Color, 1981, 91 mins. Directed by Ferdinando Baldi
Starring Tony Anthony, Victoria Abril, Gene Quintano, Richardo Palacios / Written by Lloyd Battista & Esteban Cuenca Sevilla / Produced by Tony Anthony / Cinematography by Fernando Arribas / Music by Carlo Savina
Format: DVD - Rhino (MSRP $19.95)
Letterboxed (2.35:1) / Dolby Digital Mono
Completely undistinguished in terms of filmmaking or plotting, Comin' at Ya! does manage to feature some of the weirdest 3-D effects of all time. During the opening credits alone, beans spill all over the camera, bullets fire at the audience, and hands reach out for the viewer's face. Not enough? How about guys falling downstairs (in slooooow motion), spinning fiery pinwheels (for the five minute recap at the end), bats, spiders, scurrying rats, flaming arrows (the best part), and even a baby's bare bottom! Some of the Leone-style scope photography looks nice, too, and Carlo Savina contributes a spare, elegiac score that probably deserved a better film. Also, fans of Spanish starlet Abril (Tie Me Up! Tie Me Down!, High Heels) will be interested in seeing one of her earliest roles before she became a European celebrity.
Unfortunately, though nicely letterboxed (though maybe zoomed in a bit too much considering the tight framing of the opening Filmways logo), the Rhino DVD can't replicate the polarized (gray lenses) 3-D experience from the theatrical prints. Instead, viewers get a standard red/blue presentation, which distorts much of the color photography and causes some unfortunate blurring and loss of detail in the process. The print quality itself is satisfying, however, and the 3-D effects manage to survive intact. Considering the circumstances, though, it would have been preferable to have a standard color, 2-D variant for people who might actually want to see what the film really looked like. Incidentally, the glasses enclosed with this DVD were folded backwards; the red lens should be over the right eye. Also includes the corny, amusing U.S. trailer, which features no footage from the actual film but instead offers a "live" demonstration of how 3-D actually works... sort of!

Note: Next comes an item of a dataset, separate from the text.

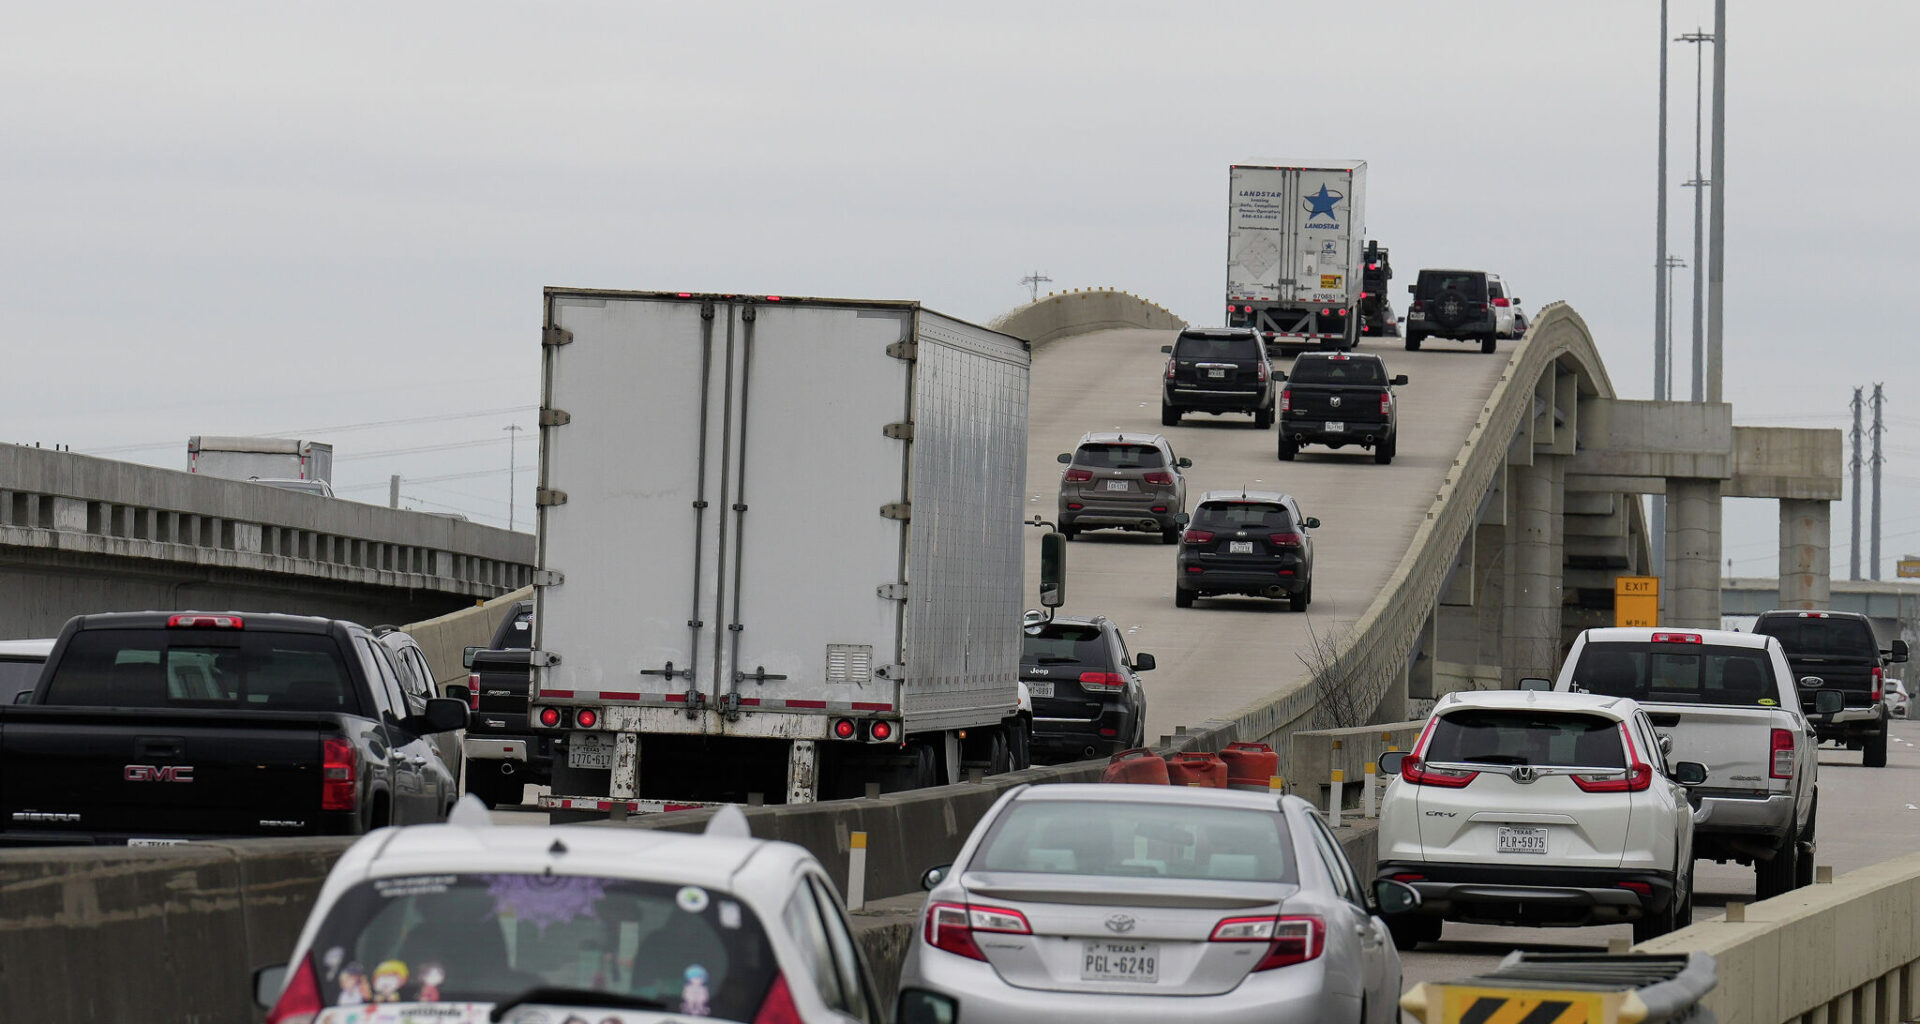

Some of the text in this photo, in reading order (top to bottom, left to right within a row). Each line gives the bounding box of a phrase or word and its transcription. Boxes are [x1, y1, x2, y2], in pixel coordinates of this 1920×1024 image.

For anyone who ever wondered how that mini-trend of 3-D movies in the early '80s got started, here's the answer. Before Jaws 3-D, before Friday the 13th Part 3-D, there was Comin' at Ya!, a spaghetti western shot for about ten cents that wound up making a bundle at the box office. In fact, its star, the bland Tony Anthony, even made a follow up Raiders of the Lost Ark 3-D ripoff, Treasure of the Four Crowns. Kitschy, silly, and often just simply strange, Comin' at Ya! simply isn't very good, but for those nostalgic or curious souls who haven't been able to see it this in the years since its theatrical run, Rhino's DVD offers a fair approximation of this unique experience.
Honorable gunslinger H.H. Hart (Anthony) is interrupted during his wedding to the lovely Abilene (Victoria Abril) by a pair of grotesque, lecherous brothers, Pike (Gene Quintano) and Polk (Richardo Palacios). The villains steal his bride and even cart off a few other women from town, then dump the ladies in the desert. Hart goes in hot pursuit, engaging in numerous fisticuffs and shootouts along the way.